Sous le ciel ouvert de la grotte de la Raynelle, non loin de L’Hospitalet, il découvrit, en 1897, une fonderie de fer constituée par deux fourneaux circulaires bâtis en briques romaines.
Eminent archéologue, la notoriété mondiale qui fut la sienne lui vint surtout des travaux remarquables et des publications qu’il fit sur les grands ateliers de poteries gallo-romaines de la Graufesenque.
Cette plaine avait déjà été explorée par un autre prêtre archéologue, l’abbé Cérès. Seul, soutenu par une flamme intérieure, l’abbé Hermet reprit les fouilles. Il devait les poursuivre pendant 30 ans ; ses découvertes l’encourageaient. Aux longues veillées d’hiver, il nettoyait, classait, reconstituait au besoin les pièces, puis tout était soigneusement classé et étiqueté.
Il releva le nom de plus de quatre-vingts potiers. Peu à peu, la renommée s’était faite autour de ses découvertes.
Personnages officiels et savants venaient le visiter, étonnés de trouver dans ce petit village, et dans un si modeste presbytère, un homme aussi illustre.
De nombreuses distinctions honorèrent l’abbé Her-met. En 1900, il était nommé Officier d’Académie, correspondant du Ministère de l’Instruction publique pour la conservation des monuments historiques.

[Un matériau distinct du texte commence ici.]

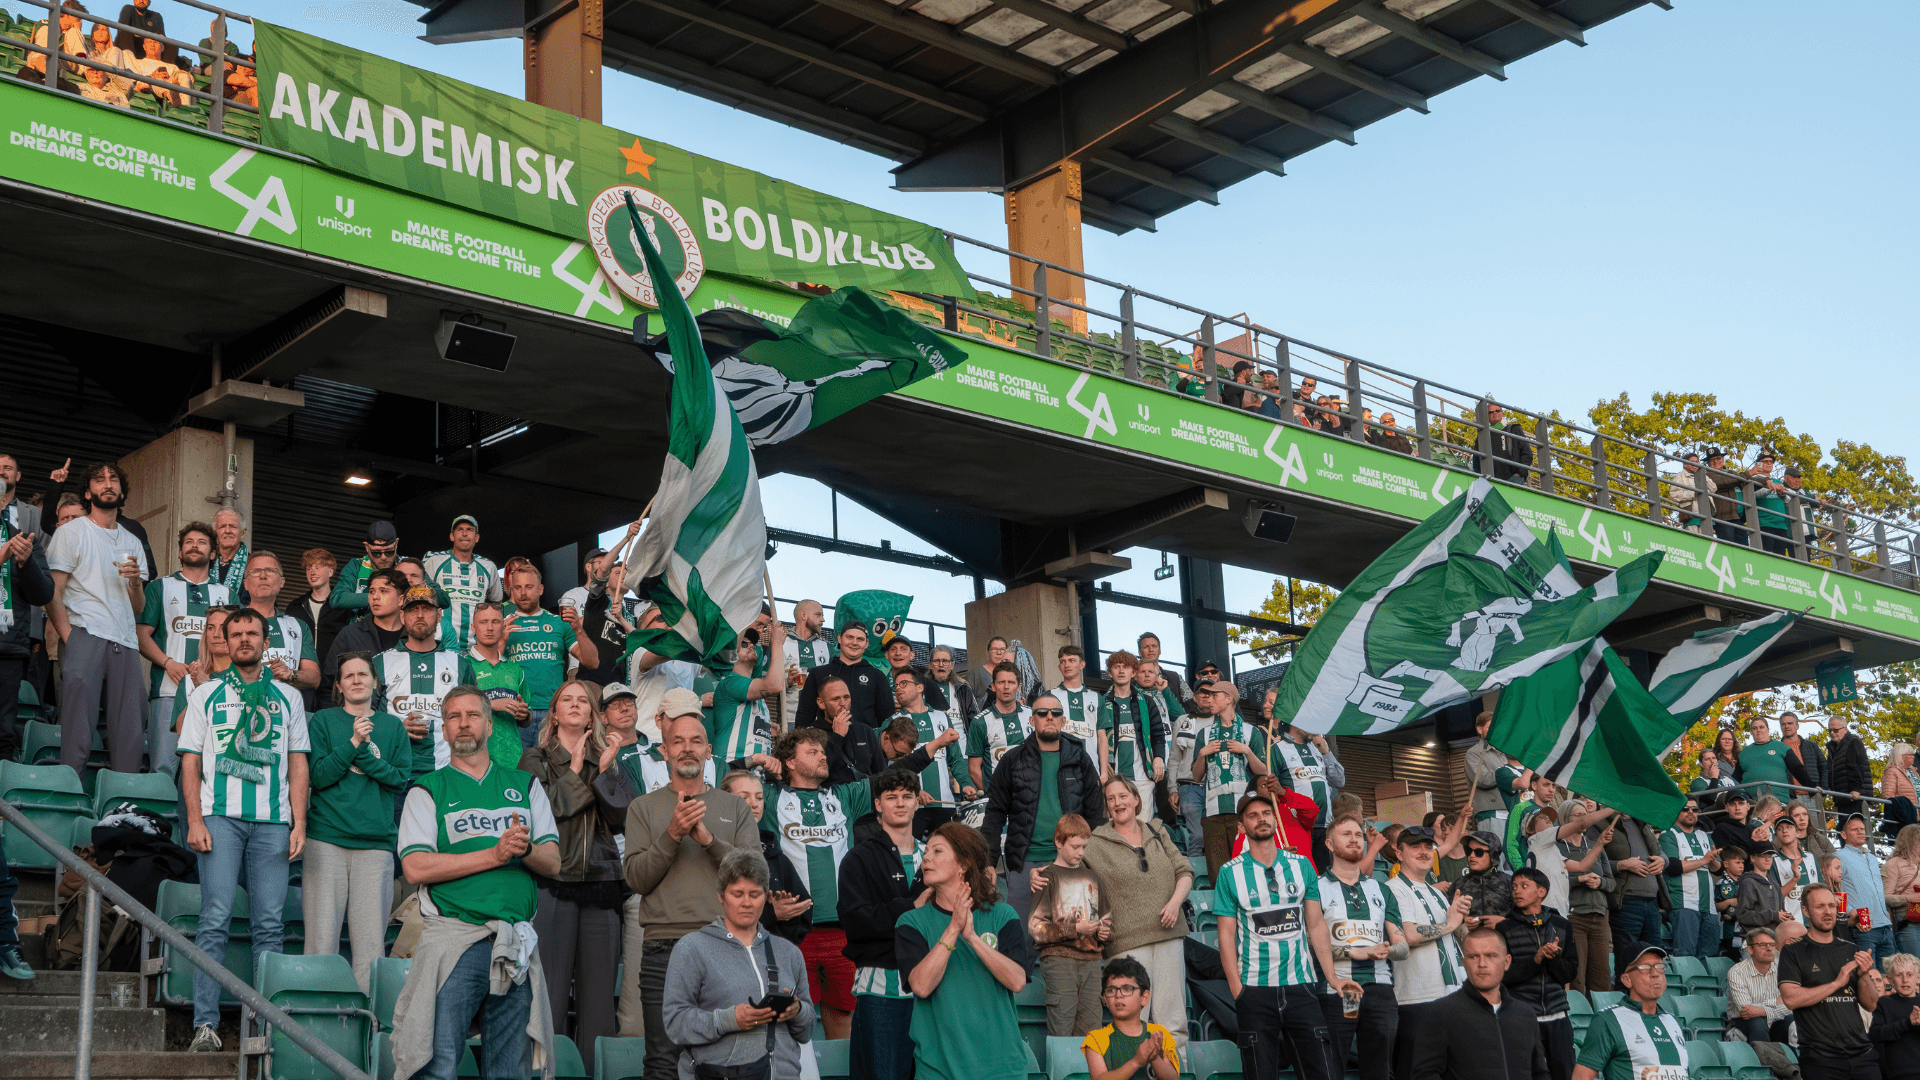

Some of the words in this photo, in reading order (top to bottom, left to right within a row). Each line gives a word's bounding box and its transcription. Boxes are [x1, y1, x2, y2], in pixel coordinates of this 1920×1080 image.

[30, 121, 82, 146] MAKE
[89, 136, 178, 172] FOOTBALL
[269, 71, 578, 206] AKADEMISK
[10, 131, 87, 162] DREAMS
[92, 153, 145, 177] COME
[150, 167, 196, 190] TRUE
[317, 216, 372, 239] unisport
[591, 189, 640, 259] AKADEMISK
[651, 197, 699, 283] BOLDKLUB
[702, 197, 935, 270] BOLDKLUB
[407, 220, 449, 242] MAKE
[454, 232, 526, 262] FOOTBALL
[391, 229, 453, 256] DREAMS
[457, 247, 500, 269] COME
[505, 258, 541, 278] TRUE
[635, 286, 659, 303] 18
[753, 308, 792, 329] FOOTB
[956, 372, 999, 393] DREAMS
[1001, 384, 1031, 401] COME
[1033, 392, 1060, 408] TRUE
[966, 364, 996, 381] MAKE
[999, 372, 1049, 395] FOOTBALL
[1128, 420, 1161, 436] unisport
[1179, 419, 1204, 434] MAKE
[1206, 426, 1249, 446] FOOTBALL
[1171, 427, 1208, 445] DREAMS
[1209, 437, 1235, 452] COME
[1237, 444, 1258, 458] TRUE
[1316, 468, 1344, 482] unisport
[1358, 466, 1381, 479] MAKE
[1382, 472, 1419, 489] FOOTBALL
[1352, 473, 1383, 489] DREAMS
[1385, 482, 1407, 496] COME
[1408, 487, 1428, 501] TRUE
[1514, 506, 1534, 518] MAKE
[1535, 510, 1568, 527] FOOTBALL
[1558, 527, 1575, 538] TRUE
[1618, 544, 1640, 556] unisport
[1649, 541, 1666, 551] MAKE
[1667, 546, 1696, 560] FOOTBALL
[1501, 542, 1566, 600] HENRI
[1669, 555, 1688, 566] COME
[1688, 559, 1703, 570] TRUE
[1741, 576, 1761, 587] unisport
[1765, 579, 1788, 591] DREAMS
[1788, 585, 1804, 595] COME
[1804, 589, 1817, 599] TRUE
[1769, 572, 1785, 583] MAKE
[1785, 577, 1811, 589] FOOTBALL
[509, 652, 557, 663] WORKWEAR
[392, 694, 442, 714] Carlsber
[1372, 700, 1398, 713] 1988
[783, 822, 845, 840] Carlsberg
[1331, 921, 1383, 942] Carlsberg

Une médaille de vermeil lui était accordée la même année par la société archéologique du Midi. En 1916, il obtint le Grand Prix Cabrol, décerné par la société des lettres de l’Aveyron. C’est en 1922, qu’il fut nommé chanoine honoraire de la cathédrale.
En 1923, il publia, chez Carrère, un album de 35 graffitis ou comptes de potiers.

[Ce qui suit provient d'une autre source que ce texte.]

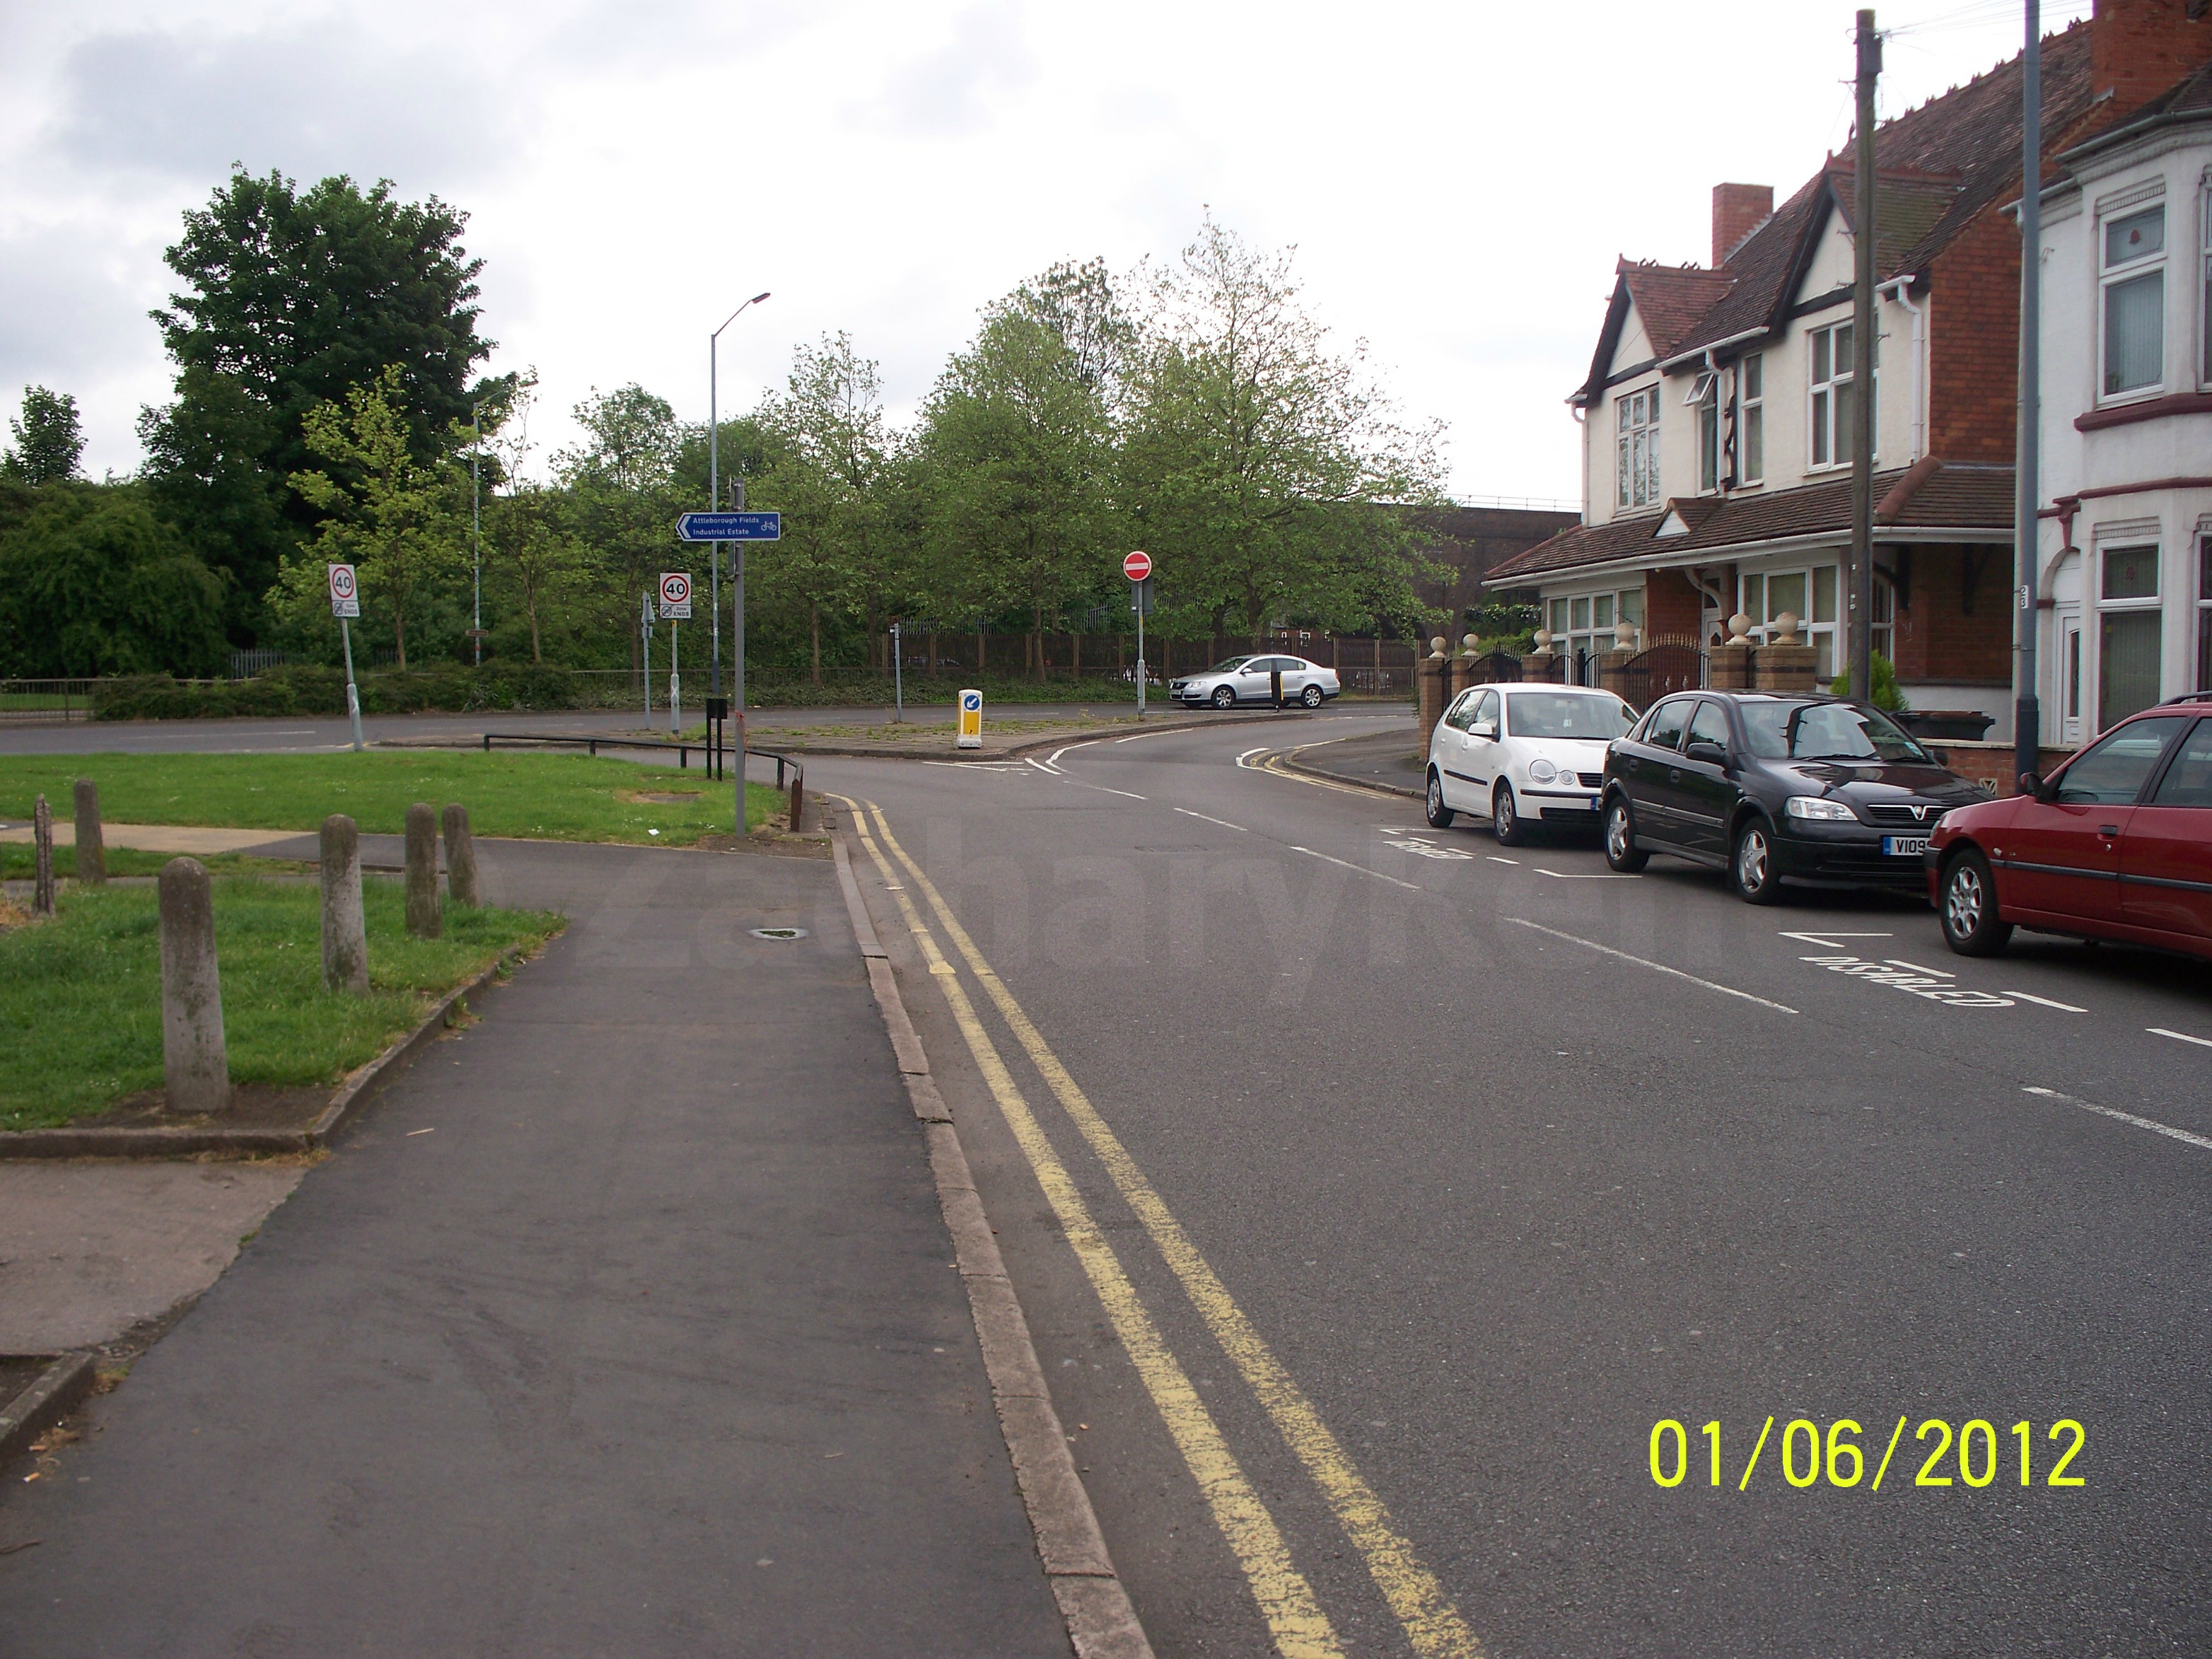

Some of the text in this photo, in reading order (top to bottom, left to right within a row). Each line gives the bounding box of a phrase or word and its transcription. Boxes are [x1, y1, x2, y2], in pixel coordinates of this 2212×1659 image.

[335, 576, 351, 589] 40
[665, 583, 685, 594] 40
[1798, 956, 2015, 1007] DISABLED

Ce n’est que plus tard, grâce à quelques subventions, et aussi sans doute à la générosité de quelque mécène, qu’il put réaliser son rêve : publier ses travaux. Sa mauvaise vue ne lui permettant pas de relever avec précision les ornementation et les fins motifs qui décoraient chaque pièce, il fit appel à un spécialiste de Paris. C’est ainsi qu’en 1934 parurent, chez l’éditeur Leroux, deux splendides volumes, sous le titre : Les vases céramiques ornés de la Gaule Romaine, qui ne comprennent pas moins de 600 pages et contiennent 3 000 dessins.

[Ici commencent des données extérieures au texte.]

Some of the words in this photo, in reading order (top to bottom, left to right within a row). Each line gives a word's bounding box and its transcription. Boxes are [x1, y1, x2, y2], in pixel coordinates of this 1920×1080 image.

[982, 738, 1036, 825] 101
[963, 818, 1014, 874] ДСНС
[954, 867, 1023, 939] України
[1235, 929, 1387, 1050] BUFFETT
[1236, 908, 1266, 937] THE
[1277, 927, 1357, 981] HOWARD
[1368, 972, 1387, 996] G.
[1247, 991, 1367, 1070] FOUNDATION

C’est alors qu’il songea à se retirer à la maison de retraite de Rodez. Il quitta L’Hospitalet dans les premiers jours d’octobre 1934. Il avait 78 ans. Ses contemporains se devaient de faire rendre hommage à son érudition et à une vie de labeur acharné.
Henri Bedcl, dans Lettres du Rouergue et du Gé-vaudan, demandait instamment « réparation de l’injustice criante qui constitue l’absence de la Croix de la Légion d’Honneur sur la poitrine de l’abbé Hermet, qui a porté haut le renom de la science française et, au soir de sa vie, a droit à la reconnaissance de son pays ».
Cette croix, cent fois méritée, lui fut enfin remise en 1938. C’était bien le soir de sa vie.
Le 4 février 1939, le chanoine Hermet rentrait dans l’éternité.